##### Records supplied
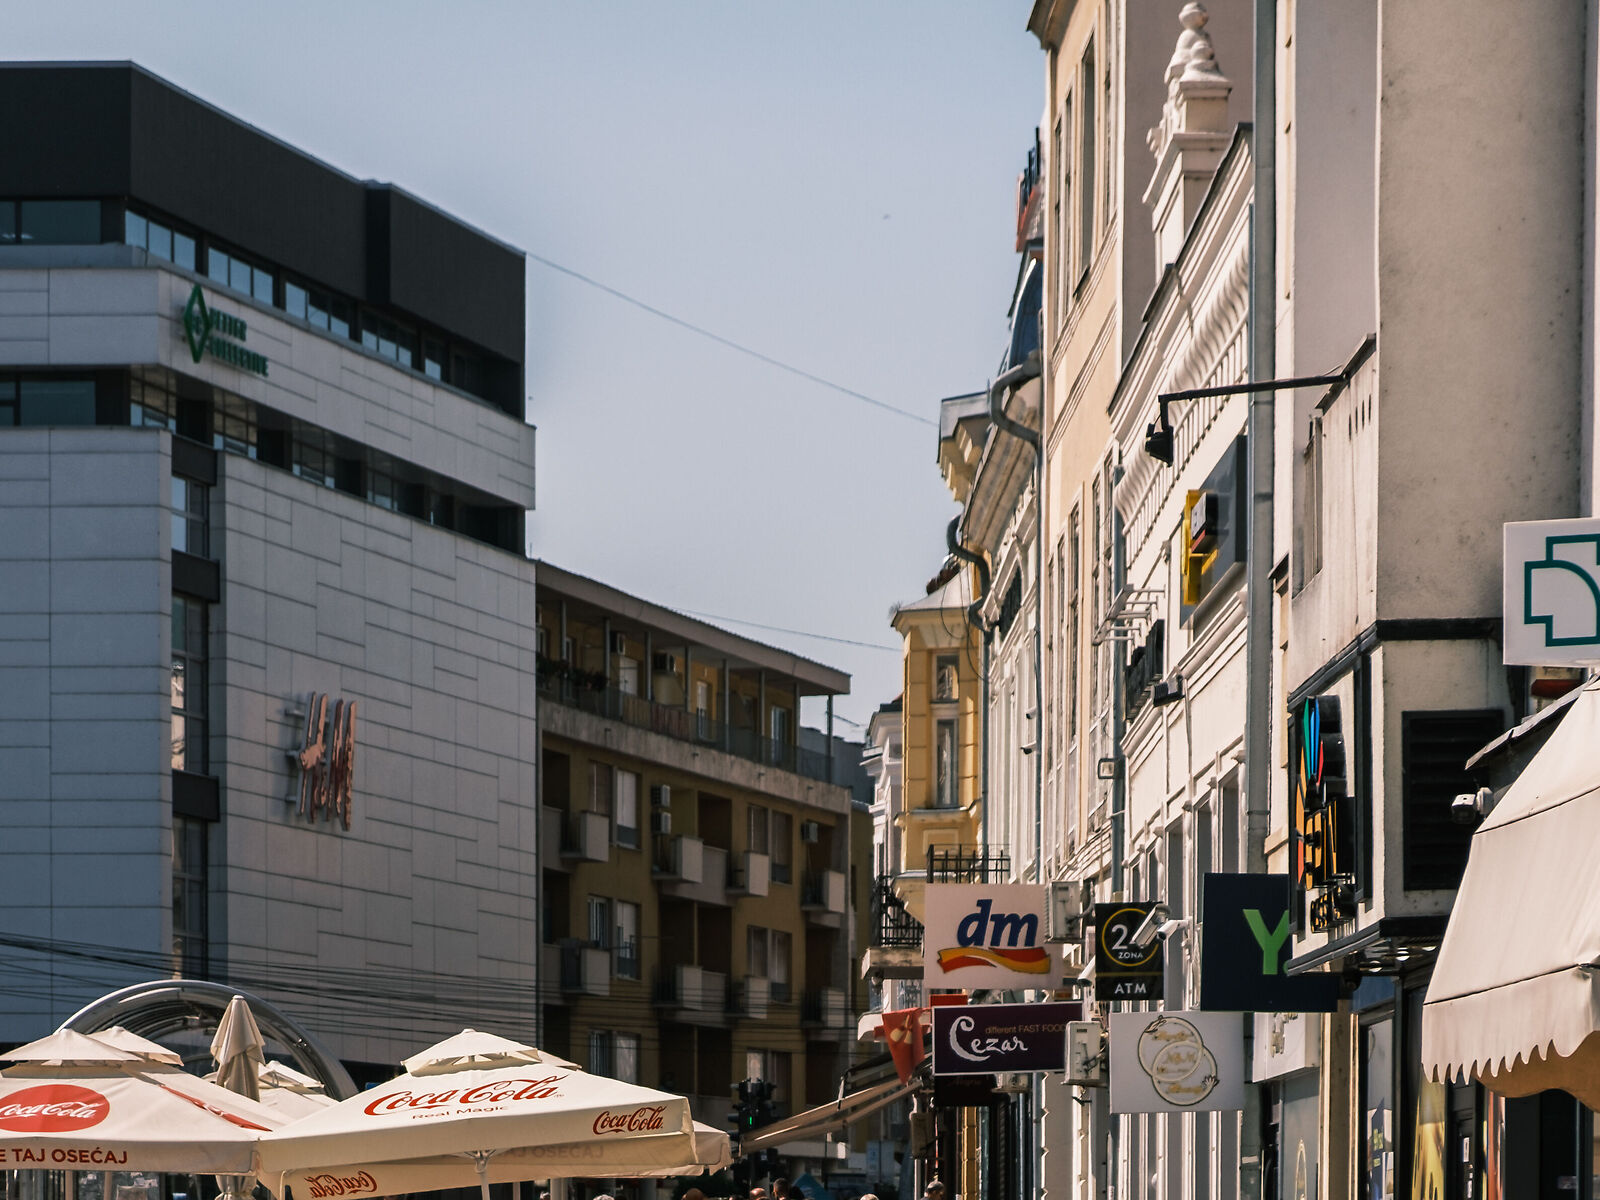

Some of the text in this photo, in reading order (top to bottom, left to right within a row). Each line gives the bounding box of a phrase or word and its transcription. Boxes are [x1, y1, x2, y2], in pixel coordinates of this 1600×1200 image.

[957, 899, 1038, 947] dm
[1243, 909, 1290, 975] Y
[1118, 951, 1143, 960] ZONA
[1114, 983, 1147, 994] ATM
[950, 1016, 1028, 1061] Cezar
[1018, 1025, 1040, 1034] FAST
[364, 1074, 568, 1115] Coca-Cola
[412, 1105, 510, 1120] Real Magic
[593, 1106, 667, 1135] Coca-Cola
[12, 1148, 45, 1162] TAJ
[52, 1146, 127, 1164] OSEĆAJ
##########
* **Exercise details**
Pictures are to be left out when the entries above are repeated exactly.

* **Written reply**
Some of the text in this photo, in reading order (top to bottom, left to right within a row). Each line gives the bounding box of a phrase or word and its transcription. Boxes are [x1, y1, x2, y2], in pixel coordinates of this 1600×1200 image.

[957, 899, 1038, 947] dm
[1243, 909, 1290, 975] Y
[1118, 951, 1143, 960] ZONA
[1114, 983, 1147, 994] ATM
[950, 1016, 1028, 1061] Cezar
[1018, 1025, 1040, 1034] FAST
[364, 1074, 568, 1115] Coca-Cola
[412, 1105, 510, 1120] Real Magic
[593, 1106, 667, 1135] Coca-Cola
[12, 1148, 45, 1162] TAJ
[52, 1146, 127, 1164] OSEĆAJ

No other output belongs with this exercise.